Street Calls of the Week
Investing.com - Oppenheimer initiated coverage on Ralliant Corp. (NYSE:RAL) with an Outperform rating and a $55.00 price target on Wednesday, representing significant upside potential from the current price of $42.26. According to InvestingPro data, analyst targets for the $4.76 billion market cap company range from $47 to $64.
The research firm views the company, which was spun off from Fortive, as an "interesting investment opportunity" with its larger Sensors and Safety Systems business offering exposure to grid hardening, increased power needs, and expanding aerospace and defense budgets. The company maintains a healthy financial position with a GOOD overall health score and trades at 17.32x earnings.
Ralliant’s smaller Test and Measurement unit has recently stabilized and is projected to see high-single-digit sequential revenue growth in the third quarter of 2025, according to Oppenheimer’s analysis.
The firm expects Ralliant’s Test and Measurement segment to return to year-over-year growth in 2026 as end markets including automotive, batteries, and consumer electronics recover and comparisons ease following a 19% year-over-year sales decline in the first half of 2025.
Oppenheimer projects normalized organic revenue growth of approximately 3% for Ralliant , supported by tailwinds in utilities and aerospace & defense sectors, while margins could recover significantly from their expected 500 basis point year-over-year decline to 20.6% in 2025.
In other recent news, Ralliant Corp reported its second-quarter 2025 earnings, with an adjusted earnings per share (EPS) of $0.67, surpassing analyst expectations.
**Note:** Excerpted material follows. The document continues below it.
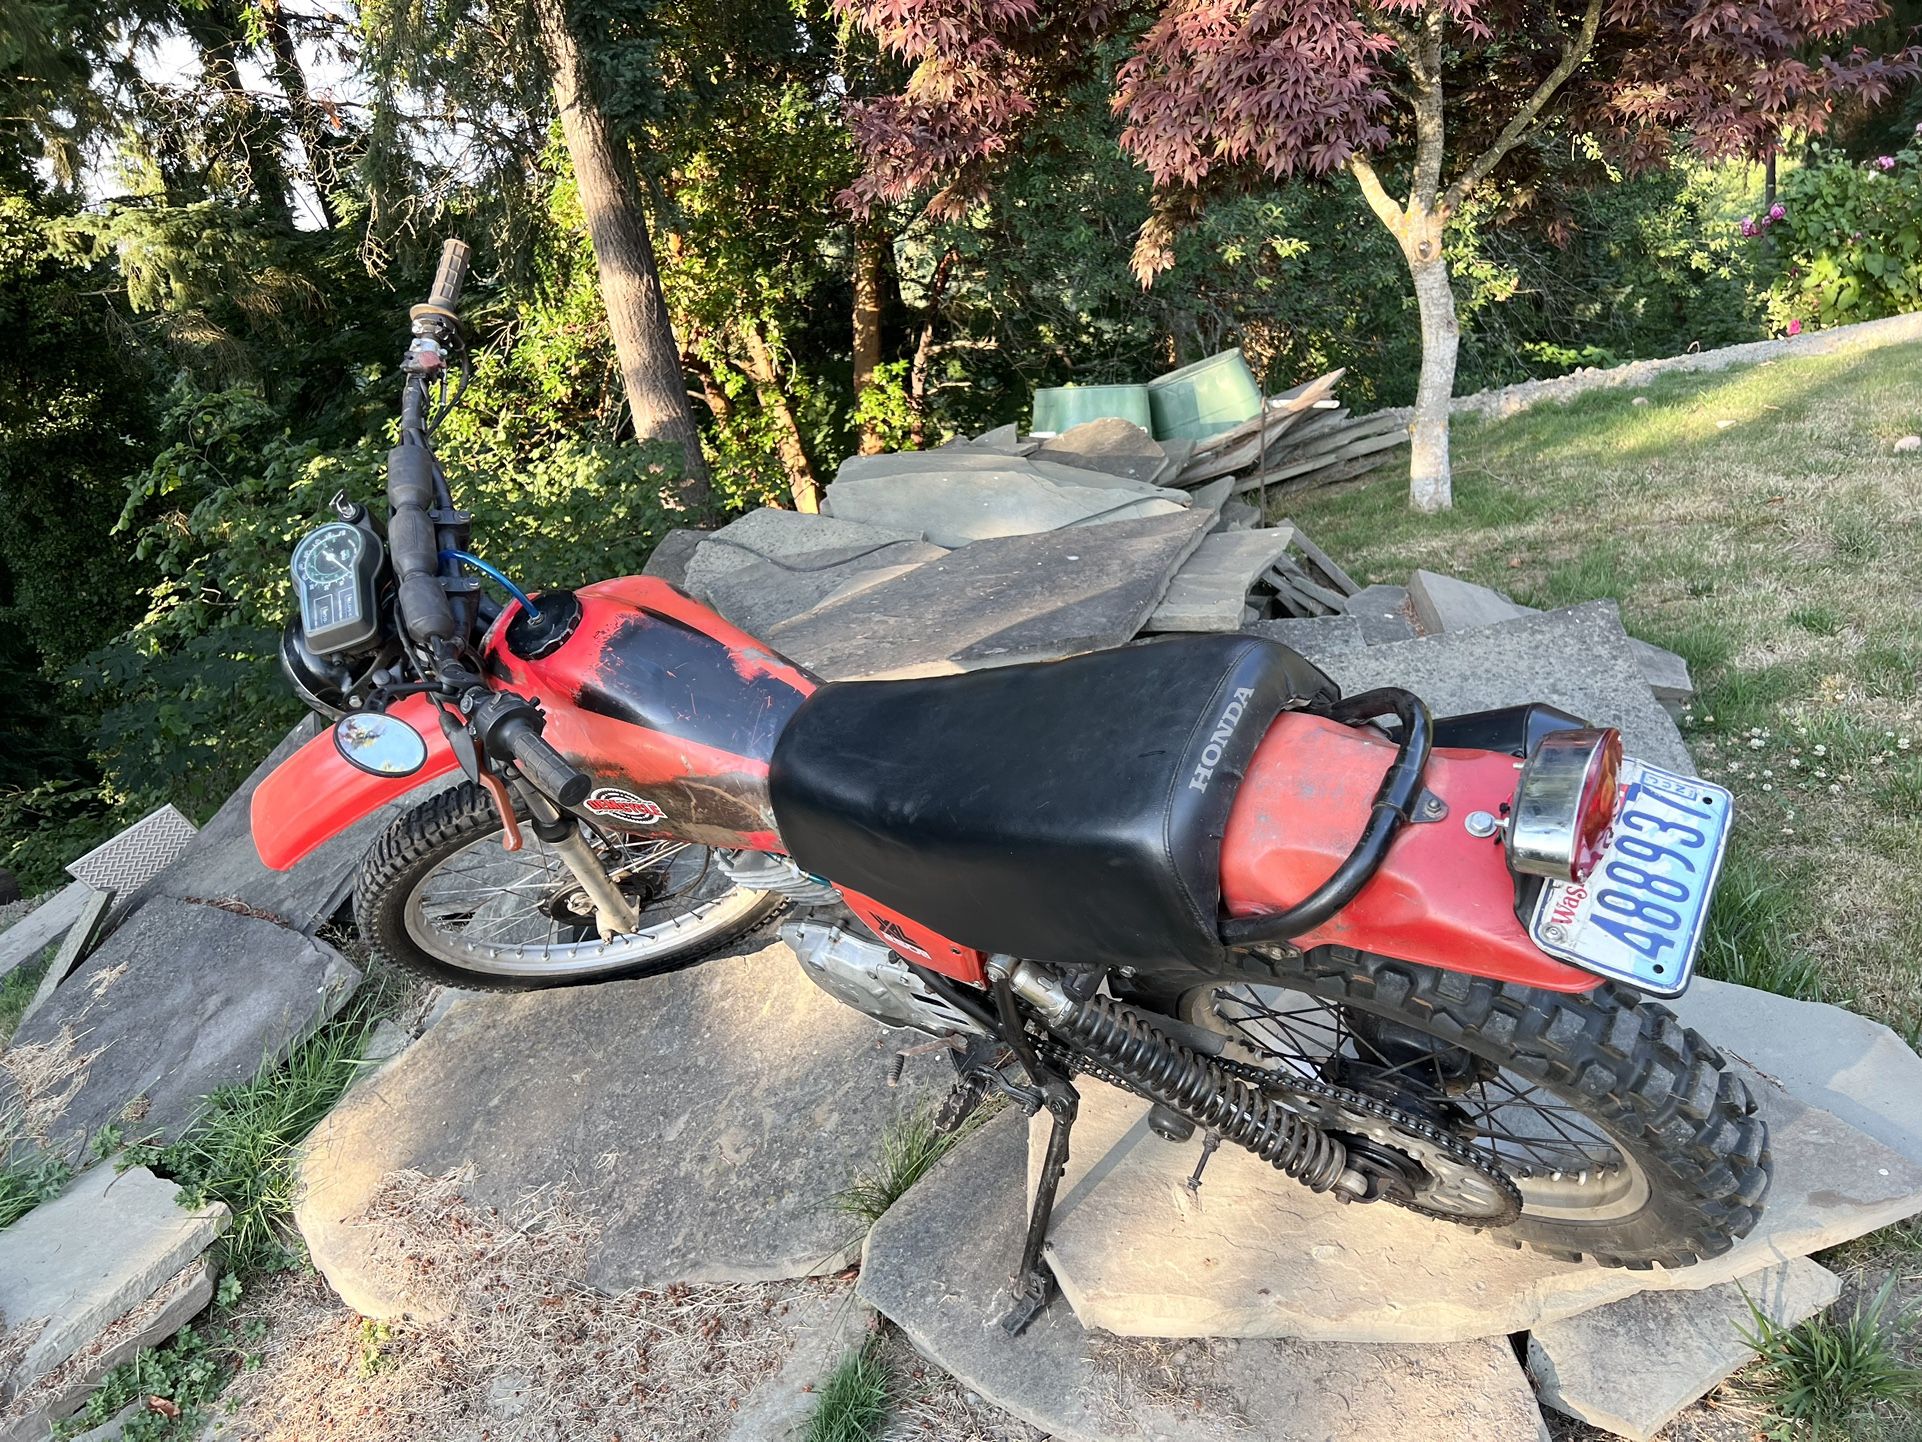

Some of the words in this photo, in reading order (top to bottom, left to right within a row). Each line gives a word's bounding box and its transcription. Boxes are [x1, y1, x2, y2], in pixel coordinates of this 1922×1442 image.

[1188, 687, 1255, 794] HONDA
[1550, 883, 1588, 926] Was
[1589, 783, 1711, 960] 488937
The company achieved a revenue of $530 million, which, although representing a 6% decline from the previous year, exceeded forecasts. Morgan Stanley initiated coverage on Ralliant with an Overweight rating and set a price target of $55, highlighting the company’s diversified industrial position. Meanwhile, Barclays adjusted its price target on Ralliant to $59 from $60, maintaining an Overweight rating despite noting higher costs than previously guided. These developments reflect differing analyst perspectives on Ralliant’s financial health and future prospects. Investors are closely watching these updates as they assess the company’s performance and strategic direction.